Contractor Allowances – Building Allowances

If a building allowance is not spent who retains the unused monies, the builder or the home purchaser?

Hi Richard,
Nobody retains the unused monies.
The normal and most accepted way allowances are used is as follows in an example of a $300,000 contract price, including a $10,000 appliance allowance.

Appliances come in at $8,000.
Now the contract price is $298,000.

Or, Appliances come in at $12,000.
Now the contract price is $302,000

I’m going to assume that there is a conflict that you are in the middle of, so I am going to explain to everybody the how and why of building allowances (or contractor allowances) and contractor bids

Allowances are used in new construction or remodeling to allow a General Contractor (Builder) to arrive at a contract bid (price) without having to wait for the homeowner (you) to select all the finish and/or decorative materials (and often labor) and products that most homeowners want to select. These items would include, but not be limited to, cabinets, floor covering, appliances, wall coverings, light fixtures, plumbing fixtures, etc.

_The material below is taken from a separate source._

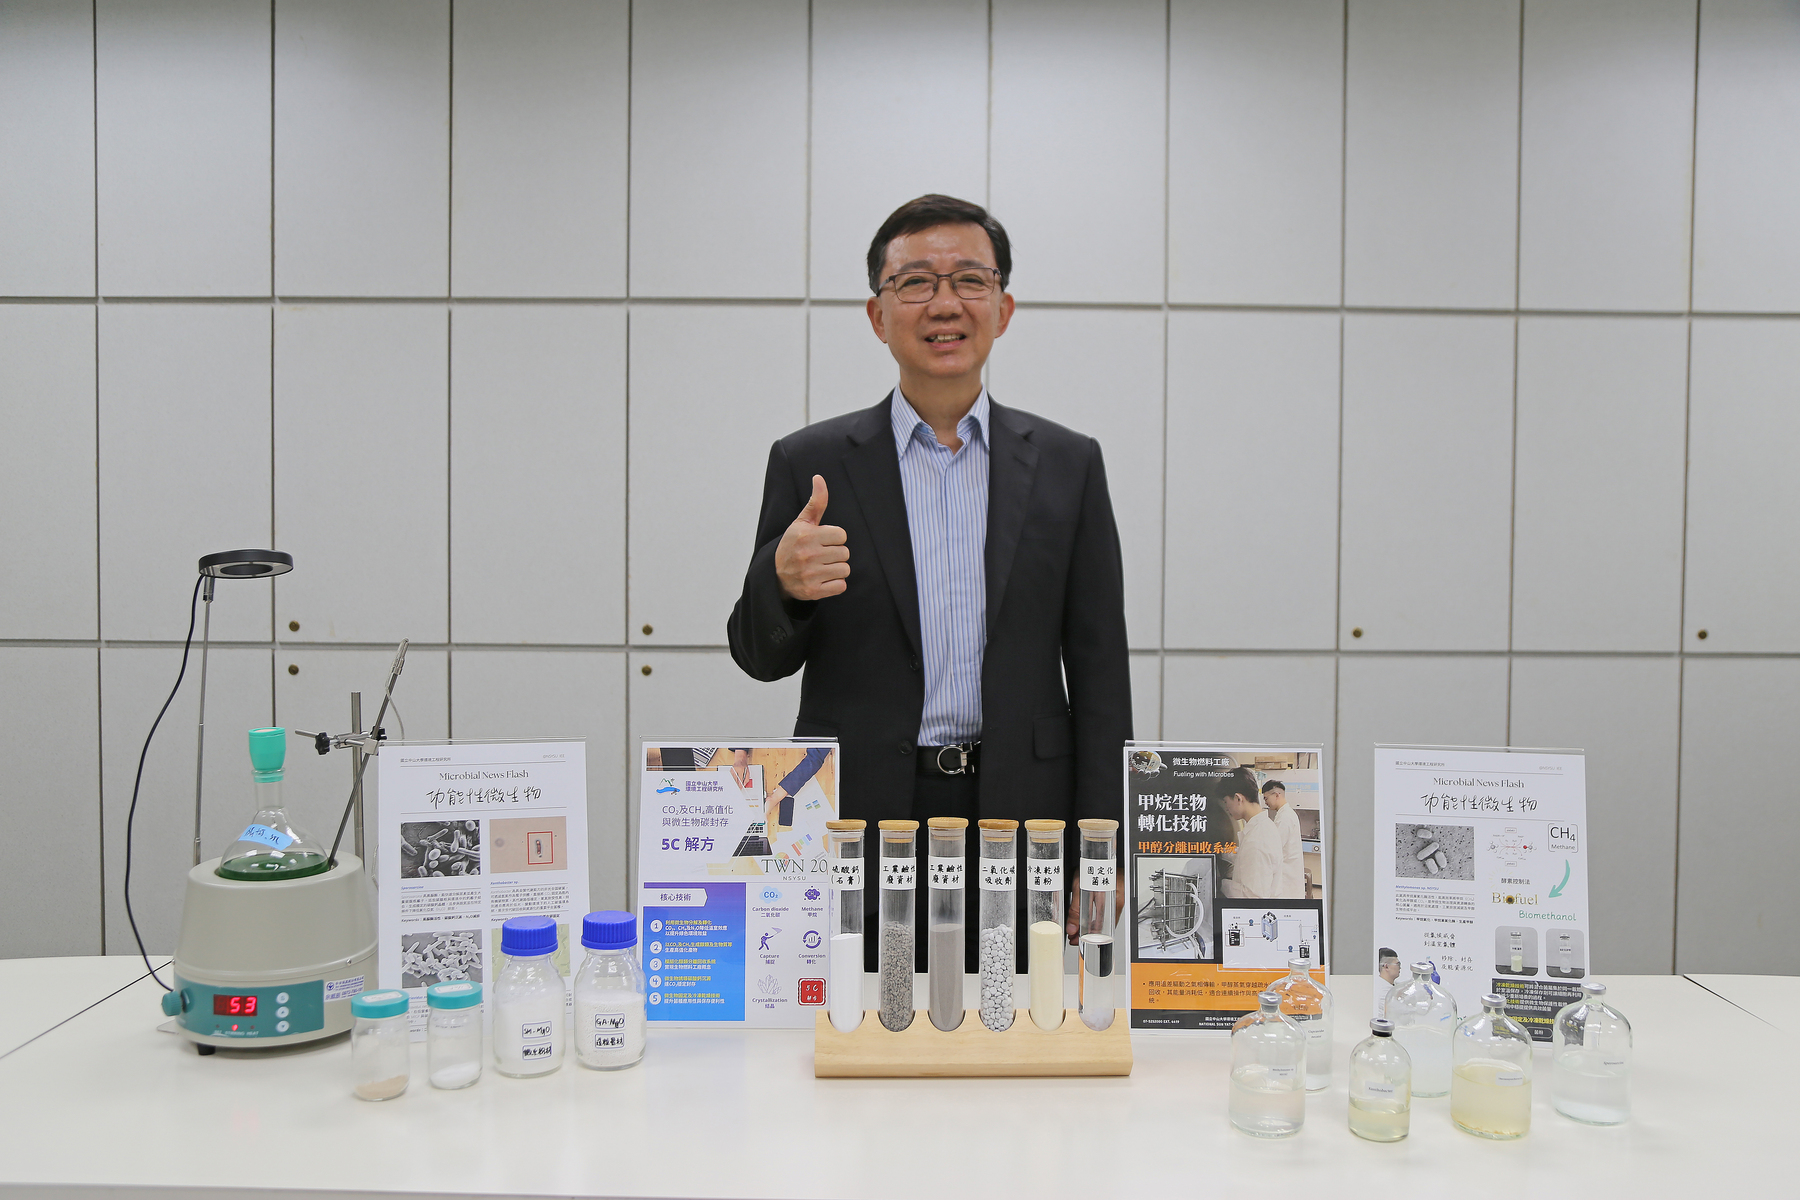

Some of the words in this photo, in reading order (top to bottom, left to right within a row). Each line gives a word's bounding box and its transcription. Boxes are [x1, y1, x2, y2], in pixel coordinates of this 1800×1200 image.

They should NEVER include structural items, such as foundations, framing, windows, wiring, HVAC, insulation, concrete work, etc., as a homeowner would not know what would constitute a fair allowance for structural items.

A home owner can and should shop early in “the game” so that he or she knows how much allowances should be for decorative and finish materials and products.

Part of the following is from my “Home Building-Budget-Allowances” page on Build Your Own House.

Home Builders may supply these allowance numbers based on what they feel is adequate, but it is up to the buyer to see if the allowance is enough.

In other words, home buyers MUST shop for allowance items BEFORE signing the contract.